The foundation of the United States of America was built on a democracy, it was how the Declaration of Independence came about and how the Constitution was written. Now this article is not here to teach you a thing or two about American history or politics but the meaning of a democracy is that the citizens get the opportunity to speak out against their government. One of those ways occurs once a year. The first Tuesday after the first Monday in November is Election Day and Americans are encouraged to vote. What is not so encouraging is the numbers of today’s youth when it comes to hitting the polls. The 26th Amendment was ratified in 1971 to allow people to vote at the age of 18. Where are they?

According to a study done by a Suffolk County Community College (SCCC) student journalist the day before election day, shows out of 85 people polled aged 18-26, 36 percent of them were likely to vote the next day. In a similar survey done after Election Day by the author of this article, out of 66 people that were polled from age 18-27, just 27 percent of them actually went out and voted.

“We don’t have a draft,” said June Lang, associate professor of social science, “That was a push then from those who didn’t want to go to Vietnam. What is the push now?”  As per CNN, in New York, for the United States Senate seat, out of about 17,500 respondents, only five percent of those ages 18-24 came out to vote between Charles Schumer and Jay Townsend. Out of nearly 1,800 of respondents for the Governor’s seat, those who are between the ages of 18-29 comprised of just 13 percent of the vote. But why did so many young people choose not to vote?

“No I didn’t vote this year,” said Jill Mackiewicz, 21, majoring in liberal arts. “To be honest, I don’t know anything about the candidates prior to election day, or even now.”

“I didn’t vote this year due to a limit on time and the busy schedule,” said Connie, a 21-year-old nursing major at SCCC. She chose not to give her last name.

According to The New York Times, the 2008 presidential election saw 22 percent of New Yorker’s came out to decide on who should be our next president. Still, the numbers of youth voting were not that high, mid-term elections generally see a lower turn-out in voters.“It was a good payoff for the millennial generation in 2008 because the younger generation got out and voted,” Lang said, “Student loans would not be as important in 2008 if not for the youth turnout.”

The millennial generation is referred to the generation born between the mid-1980’s and the mid-2000’s who have the increased familiarity of technology like cell phones and other hand held devices that could also easily connect to the internet, computers, and television with its vast array of channels. Social networks like Facebook, Myspace, and blogging all play into today’s millennial generation.

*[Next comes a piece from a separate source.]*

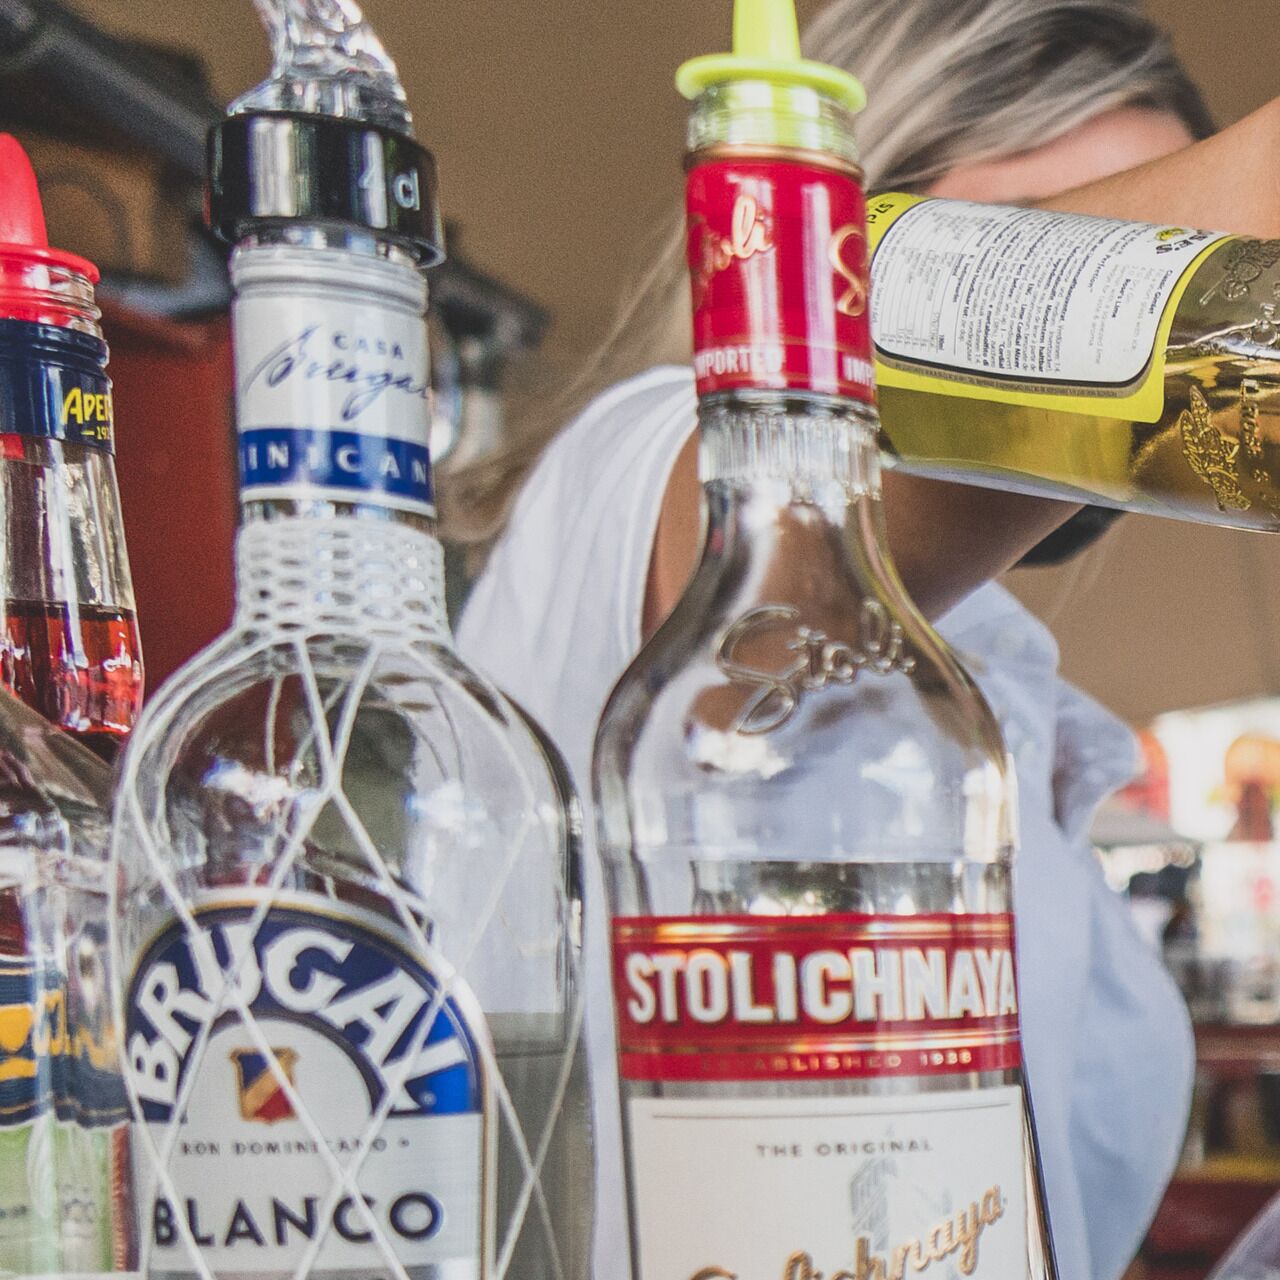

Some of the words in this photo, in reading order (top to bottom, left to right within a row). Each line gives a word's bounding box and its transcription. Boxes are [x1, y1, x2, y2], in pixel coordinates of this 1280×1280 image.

“There was instant information during the 2008 presidential campaign, there was a need to connect,” said Lang. “The youth showed an interest and their interests were addressed,” she included.

There is still that decline in youth voting with youth issues that still need to be addressed that might not be without young America voting.“It is important for young people of our age group to vote because we are built of mostly students struggling to pay off school loans and bills. We need government assistance a.s.a.p” said Mackiewicz. Lang also added that a higher college education and the cost of tuition is being paid for at the youth’s expense.

“I can relate to this age group of people. Some may believe their vote/voice doesn’t count or isn’t heard. If you want change, you should make it yourself,” said Connie.

“I just never registered for voting and I don’t have time,” said Silvia, 27, also a nursing student who chose not to give out her last name, “I didn’t even know who was running.” She also added there is a large population of America’s youth and voting is for their future and that they can make an impact on who gets elected.

“Government certainly won’t get any better if people don’t get involved. Young people can shape the atmosphere. They proved to be a force in the 2008 election,” said Lang.  Lang mentioned how politicians listen to those who vote. Students are just not showing up to vote which is why their issues are not being addressed. She also said how the youth of today is the counterpart to the elder vote.